The combination of intergovernmental service agreements and geographical distance allows for a lack of transparency, granting immigration detention centers considerable freedom in day-to-day operations. Details surrounding the treatment of people detained often surface due to abuse allegations. Irwin Detention Center has produced the most notorious cases of human rights abuses in Georgia.

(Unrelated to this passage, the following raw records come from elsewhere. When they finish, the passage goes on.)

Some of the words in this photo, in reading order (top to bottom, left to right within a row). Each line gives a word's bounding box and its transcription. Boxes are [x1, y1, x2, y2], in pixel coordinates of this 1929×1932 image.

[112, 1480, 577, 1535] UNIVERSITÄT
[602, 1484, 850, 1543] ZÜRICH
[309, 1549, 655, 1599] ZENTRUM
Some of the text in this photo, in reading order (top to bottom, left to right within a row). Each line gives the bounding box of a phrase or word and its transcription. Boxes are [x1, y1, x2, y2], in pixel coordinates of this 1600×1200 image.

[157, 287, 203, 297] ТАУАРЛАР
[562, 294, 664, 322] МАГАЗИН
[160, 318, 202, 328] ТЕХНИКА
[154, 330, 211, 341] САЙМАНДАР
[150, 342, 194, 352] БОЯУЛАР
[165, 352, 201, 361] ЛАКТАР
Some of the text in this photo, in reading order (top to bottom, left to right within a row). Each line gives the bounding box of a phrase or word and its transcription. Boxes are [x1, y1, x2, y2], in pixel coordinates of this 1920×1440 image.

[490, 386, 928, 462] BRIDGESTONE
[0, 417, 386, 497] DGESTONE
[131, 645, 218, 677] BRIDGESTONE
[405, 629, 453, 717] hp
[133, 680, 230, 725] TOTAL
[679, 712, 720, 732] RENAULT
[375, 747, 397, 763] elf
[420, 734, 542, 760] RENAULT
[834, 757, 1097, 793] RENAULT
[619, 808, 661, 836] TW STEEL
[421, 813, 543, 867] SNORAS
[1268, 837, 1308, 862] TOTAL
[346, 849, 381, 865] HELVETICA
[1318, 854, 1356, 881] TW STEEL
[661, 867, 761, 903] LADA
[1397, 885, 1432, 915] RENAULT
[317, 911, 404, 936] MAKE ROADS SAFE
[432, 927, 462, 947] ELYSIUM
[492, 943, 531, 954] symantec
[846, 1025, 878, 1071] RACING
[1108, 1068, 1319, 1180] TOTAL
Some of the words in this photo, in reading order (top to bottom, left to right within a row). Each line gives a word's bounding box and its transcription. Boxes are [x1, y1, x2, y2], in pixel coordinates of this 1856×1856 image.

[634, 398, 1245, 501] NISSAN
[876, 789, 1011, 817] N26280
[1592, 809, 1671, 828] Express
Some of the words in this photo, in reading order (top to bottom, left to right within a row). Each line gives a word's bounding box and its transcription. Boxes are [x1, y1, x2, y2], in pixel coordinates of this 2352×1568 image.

In September 2020, a whistleblower employee and detained complainants at Irwin exposed abuses by the local obstetrician and gynecologist employed by La Salle Corrections Corporation, which ran the facility.[66] The complaints triggered an investigation in which the physician was found to have performed gynecological procedures on detained women without their consent. Allegations included unconsented fallopian tube removal and unwanted hysterectomies.[67] In May 2021, DHS terminated the detention contract with LaSalle and shuffled the people detained to either Stewart or Folkston Detention centers.[68]

Unfortunately, this is not the first occurrence of reported human rights abuses. Gracie Willis, a lawyer for the SPLC’s Southeast Immigrant Freedom Initiative (SIFI), a program that provides pro bono legal representation to detained immigrants, states that SIFI clients who have been detained routinely recount the horrid experiences they’ve suffered within these centers. Many people detained spend countless days in solitary confinement, which is illegal and causes psychological harm. Some are denied medications, medical attention or preventative care, and others face sexual and physical assault and harm at the hands of prison workers or medical staff. Willis shared that a complaint has been filed with the Office of the Inspector General and Office for Civil Rights & Civil Liberties against Stewart Detention Center on behalf of immigrants who have experienced sexual abuse while at the facility. However, without whistleblowers to corroborate the stories, these abuses will continue to go unpunished, and without justice for the victims.

As detention abuses accelerate in Georgia and nationally, the anti-detention movement gains momentum, with state legislation introduced nationwide to ban private prisons from doing business in their state and prevent municipalities from entering or renewing intergovernmental service agreements.[69] This movement has successfully stopped immigration detention centers in Illinois, Maryland and California. However, as closures continue, SPLC’s Elliot Lepe describes the situation as “whack-a-mole,” meaning that when an immigration detention center closes, the people being detained are sent to another facility rather than released from custody. As the number of people detained continues to grow, Georgia and other southern states are willing to accommodate the government’s profit-driven detention system.[70]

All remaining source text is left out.